Nintendo knows the Switch 2 needs more than hype to keep moving units — especially with a price hike coming in September.
In a translated Q&A from Nintendo’s latest financial results, company president Shuntaro Furukawa said Nintendo still has multiple Switch 2 titles in development for 2026. He did not reveal names, release dates, or which franchises are involved, but the message is clear: Nintendo is not done showing its hand yet.
That matters because the current second-half lineup looks a bit thin if you are waiting for a true console-seller. There are games on the calendar, sure, but nothing yet that screams “buy the machine now” in the same way a brand-new 3D Mario, Animal Crossing, or The Legend of Zelda would.
Nintendo is betting on games to sell the hardware
Furukawa pointed to Pokémon Pokopia as an example of software helping push hardware adoption. According to him, the game’s performance reinforced Nintendo’s view that people move to a new system when there are games they actually want to play.

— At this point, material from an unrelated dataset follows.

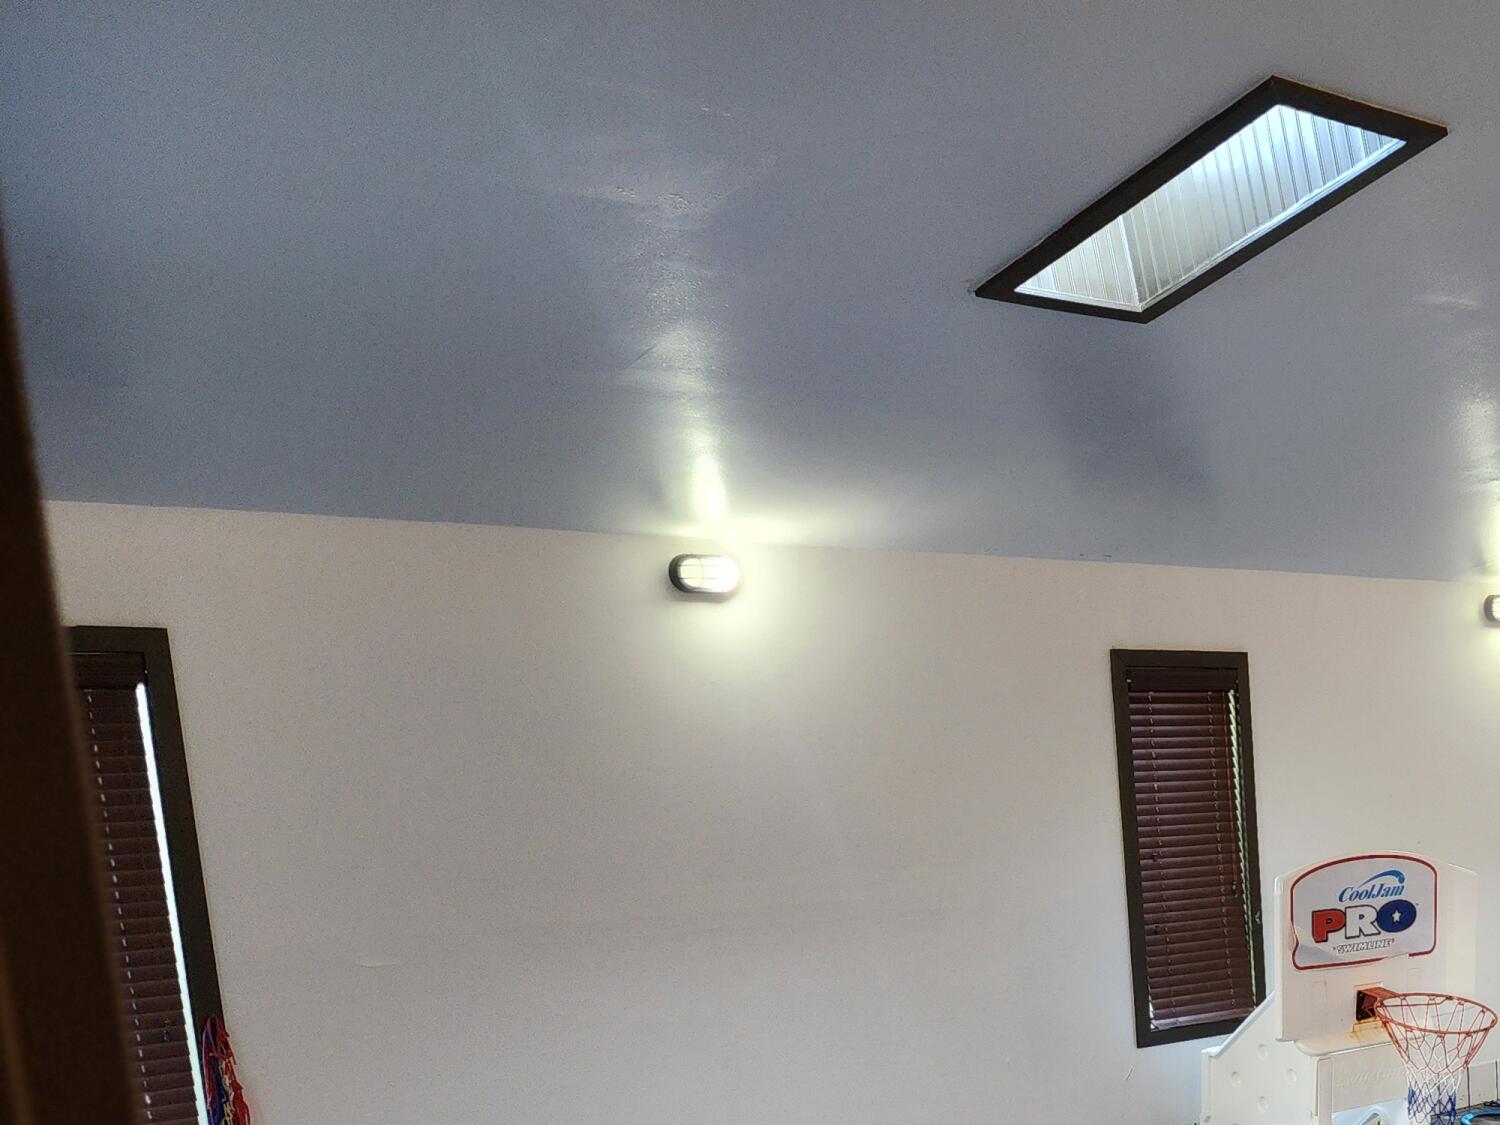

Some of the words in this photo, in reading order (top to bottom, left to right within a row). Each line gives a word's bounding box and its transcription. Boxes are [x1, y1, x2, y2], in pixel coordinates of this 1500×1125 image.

That is basically the whole Switch formula, bro. Nintendo hardware rarely wins because of raw specs alone. It wins when the exclusive library becomes too good to ignore. The original Switch had that magic early with Breath of the Wild, Mario Kart 8 Deluxe, Super Mario Odyssey, Animal Crossing: New Horizons, and later Pokémon, Smash, and more.
For Switch 2, the pressure is heavier now because Nintendo is about to make the console more expensive. Once that September price increase kicks in, buyers will be asking a very simple question: what am I paying extra for?
For Malaysian and SEA gamers, that question hits even harder. Console pricing here is already sensitive because of exchange rates, retailer markups, bundle pricing, and the usual “wait for sale or buy now?” dilemma. If Switch 2 becomes pricier, Nintendo needs a stronger software pitch — not just nice-to-have games, but titles that make people feel okay dropping serious money on the upgrade.
The announced lineup is not empty, but it needs a big punch
Nintendo already has several Switch 2 games listed for 2026. A new Yoshi title is coming next week, a Star Fox remake is planned for June, while Splatoon Raiders and Rhythm Heaven Megamix are scheduled for July. Fire Emblem: Fortune’s Weave is also expected sometime in 2026.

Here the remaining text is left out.